2. Ellie's toys & books are multiplying by the day it seems.  Which is such a joyful sight for this mommy!  I LOVE when she gets new stuff- it feels like Christmas day when I show her something new & I can't wait to see how she's going to respond to it.  Most of the time I'm more excited about her toys than she is- but whatever.  I've been working & spending Christmas money on a sweet little spot for all her toys.  It's in the front of the house, in the same room as T's office. 

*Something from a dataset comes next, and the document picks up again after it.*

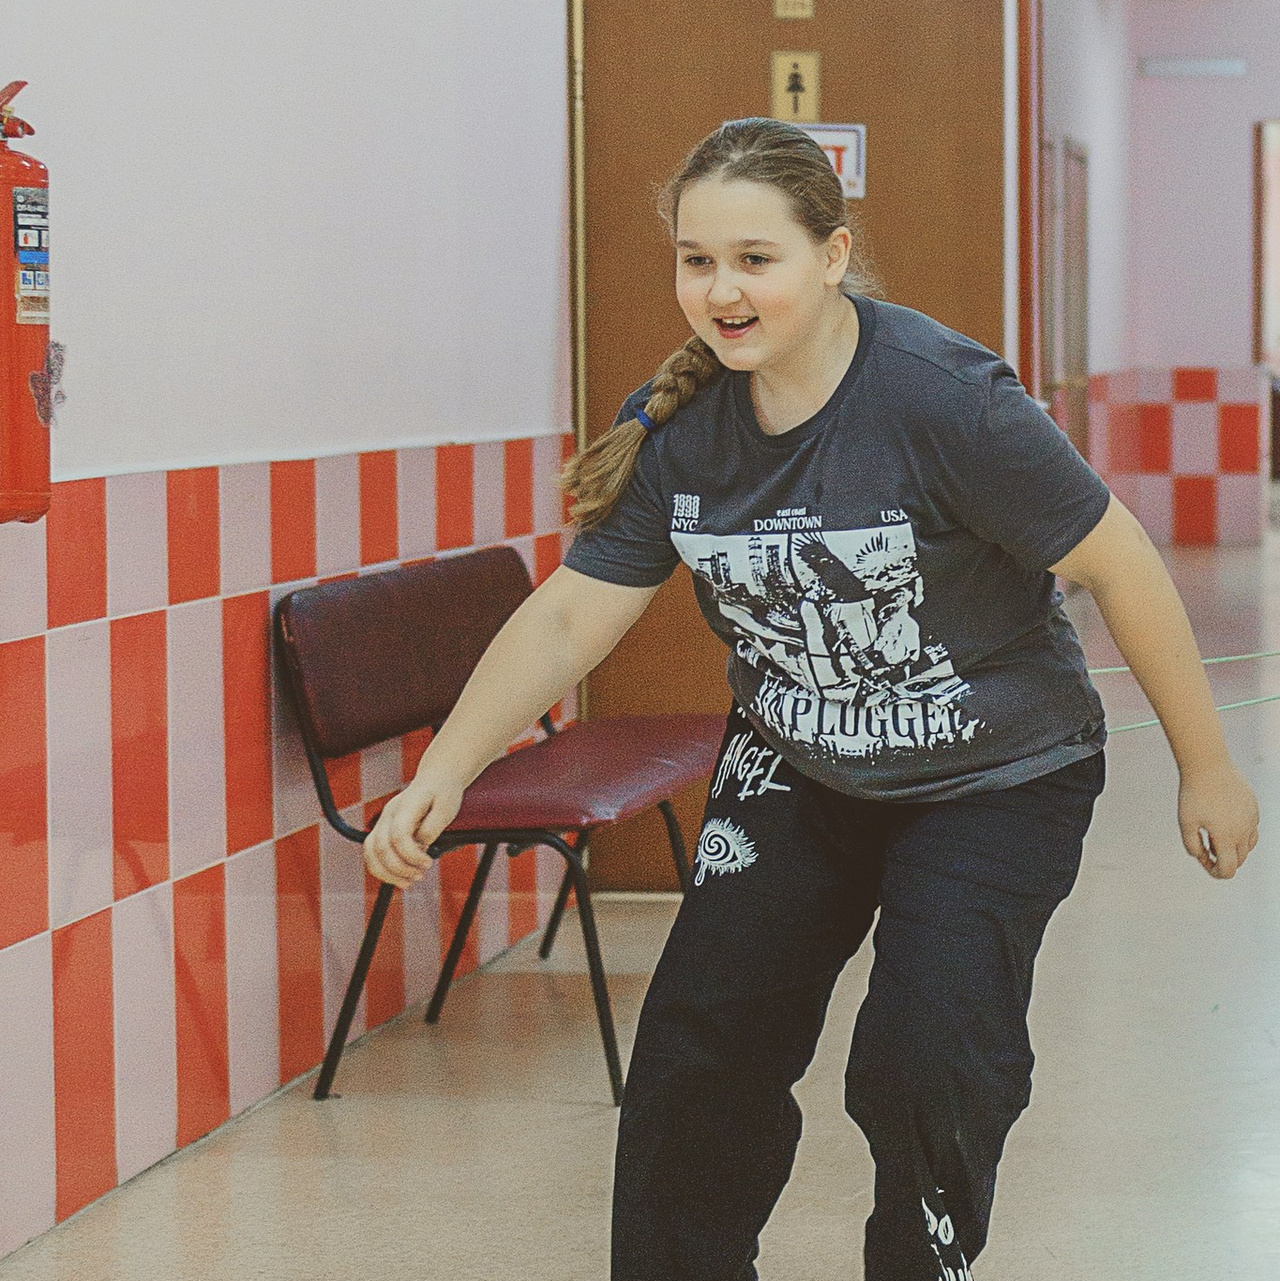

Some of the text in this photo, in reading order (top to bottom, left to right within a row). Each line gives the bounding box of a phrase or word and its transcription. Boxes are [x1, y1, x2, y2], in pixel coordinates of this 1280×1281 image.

A date!  How nice this was.  Taylor's brother was staying with us for a bit before Moody started classes again & we were able to leave Ellie with him & sneak out for a coffee/tea date at our favorite coffee shop.

 
You guys.  We're doing this cah-razy diet thing.  My mom, husband & I.  No sugar, no gluten, no preservatives, no dairy.  Paleo on steroids.  Whole30.  So we eat meat, veggies, tons of eggs, fruit & some nuts & olives.  That is about it, folks.  Everything from scratch.  Everything good for you.  My cravings for a diet coke, and T's for a cheeseburger are strong.  But we're on day 11 & have not cheated once!  I think I am starting to feel more clear headed & bright eyed than I have in a long time.  I'm curious to see how much money it will end up being in the end (we're buying the cleanest meat & eggs possible- & the fruit & veggies are not all organic, but are all from Whole Foods).  We haven't eaten out at all though this month because it'd be way too hard with the restrictions- so that part of our budget added to our grocery budget might help.  My poor budgeting hubby.  ;)  At first I truly hated it & wanted to hurt the people that invented it- but now I'm thinking- it's not that bad!  It's a lot of friggin work, and that may be my biggest complaint.  I spend a lot of time at that stove there.  

1. It's freezing here & I cannot drink enough tea.  Also.  My mom made this incredibly beautiful gray shawl & it goes everywhere with me.  She's so handy at crocheting & over Christmas taught me some stitches.  I'm excited to work on a scarf & try my hand at it!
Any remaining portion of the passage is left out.